I'm sure the use patterns vary a lot based on exactly what kind of problems one works on, so perhaps providing more information about your use cases would focus the discussion a bit.
-
The Bernstein hash function is not the fastest one,
but it works very good in all of my test cases.
But to clarify, the hash function is not my problem.
The hash function i want to use is the Intel CRC32C one,
because it has few collisions, and is fast.
And it is small and simple, only 88 Bytes.
Drawback is, it runs only on x64, but nothing is perfect.
My problem is the hash table data structure.
I want something like the C++ STL unordered map in C,
but without the code bloat and syntactic bloat of the STL.
I had looked at the FreeBSD code, and searched at github,
and found nothing in C only.
Maybe the STL is the real reason for the C++ success.
-
You should probably try Google's "Cityhash" and the newer "Metrohash". Probably "spookyhash" too, a newer hash from the lookup3 guy.
I think metro is the fastest of those, with no quality difference.
-
To clarify you want the key stored in your own struct (example myitem_s)
struct myitem_s {
char key[10];
int datac;
int datab;
};
You are happy to have a seperate table that just contains pointers to keys. remember you know the offset of the key into your struct so from the key pointer you can get the address of your myitem container. It also means that your container can be in different tables at the same time using different keys.
struct tableItem_s {
void *key;
} htable[TSIZE];
For the hashing table code to be generic and reusable on different items you want to pass a function that knows how to extract and compare keys be they numeric, string etc. Sounds like a fun excersize.
Oooh here is a neat trick, see that void *, you probably find that you don't use all the bits so can use as flags. if the pointer you are referencing is always even, you get a bit flag for free on the LSB ;)
Why doesn't a generic solution like this already exist that <500 lines?
I guess that these problems balloon as the solution is made more generic and able to handle solutions to other problems.
-
Let's say I was writing a code editor for different programming languages, and had a lexer/tokenizer for each language that produces a (string, length, hash) triplet for each token. Each token should be looked up primarily for syntax highlighting, but occasionally for references as well, so we'll use a hash table. For e.g. C, we actually use a stack of hash tables, with the bottom stack having the C keywords, and each stack on top having the variables, functions, macros etc. in each scope.

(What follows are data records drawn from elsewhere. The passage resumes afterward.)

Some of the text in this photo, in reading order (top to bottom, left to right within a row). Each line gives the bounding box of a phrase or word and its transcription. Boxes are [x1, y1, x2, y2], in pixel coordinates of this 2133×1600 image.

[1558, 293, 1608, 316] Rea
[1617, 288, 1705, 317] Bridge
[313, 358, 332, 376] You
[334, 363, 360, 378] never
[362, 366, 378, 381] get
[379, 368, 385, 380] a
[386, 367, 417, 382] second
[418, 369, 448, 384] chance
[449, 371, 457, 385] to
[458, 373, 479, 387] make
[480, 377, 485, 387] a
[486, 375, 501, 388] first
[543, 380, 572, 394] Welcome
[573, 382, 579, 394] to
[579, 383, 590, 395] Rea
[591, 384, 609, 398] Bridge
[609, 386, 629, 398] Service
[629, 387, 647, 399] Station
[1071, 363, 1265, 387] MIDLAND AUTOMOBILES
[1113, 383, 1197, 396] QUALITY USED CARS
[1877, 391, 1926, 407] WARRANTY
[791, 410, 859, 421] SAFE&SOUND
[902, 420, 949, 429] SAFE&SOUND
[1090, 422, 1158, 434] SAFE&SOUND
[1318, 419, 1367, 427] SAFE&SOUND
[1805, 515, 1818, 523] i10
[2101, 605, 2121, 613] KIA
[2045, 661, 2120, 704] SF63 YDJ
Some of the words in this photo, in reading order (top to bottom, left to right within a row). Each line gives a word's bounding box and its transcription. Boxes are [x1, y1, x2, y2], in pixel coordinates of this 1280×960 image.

I've observed that data locality is important for efficiency, and prefer a C99 flexible array member to store the token string, with each hash table slot a pointer to a structure. Since each structure involves a pointer dereference anyway, making the hash table slot into a singly-linked list incurs no extra penalty. When adding a new member into a slot, it is the maximum length of the list (instead of how many of the hash table entries are populated) that determines whether the table should be extended or not.
Let's assume the following data structure suffices for each token:
struct token {
struct token *next; /* Next entry in the same hash table slot */
token_type_t type; /* Token classification (function, variable, reserved keyword, etc.) */
highlight_t high; /* Highlighting information (index to font+color table, themeable) */
struct refs *refs; /* References and other only occasionally needed data */
hash_t hash; /* Actual hash of the data */
size_t size; /* Length of the data */
char data[]; /* Data */
};
The struct refs *refs; member could even be NULL or only partially populated, until the user first selects the token, since it is not that common for the user to be interested in the original definition of the token and so on.
Although I'd need the hash tables to form a stack, array, or list, lets just concentrate on the single hash table case for now. My initial unit tests and experiments to see if this data structure works (and how to make the editor as efficient as possible by delaying slow operations like looking up the references (like where a function was originally defined, other places where it is used) until they are actually needed), would start with the following hash table data structure:
struct table {
size_t size; /* Number of slots */
struct token **slot; /* Each slot is a singly-linked list. */
uint32_t cost; /* Filtered average cost of access. */
};
#define TABLE_INIT { 0, NULL, 0 }
As usual, the slot index is always (hash % size).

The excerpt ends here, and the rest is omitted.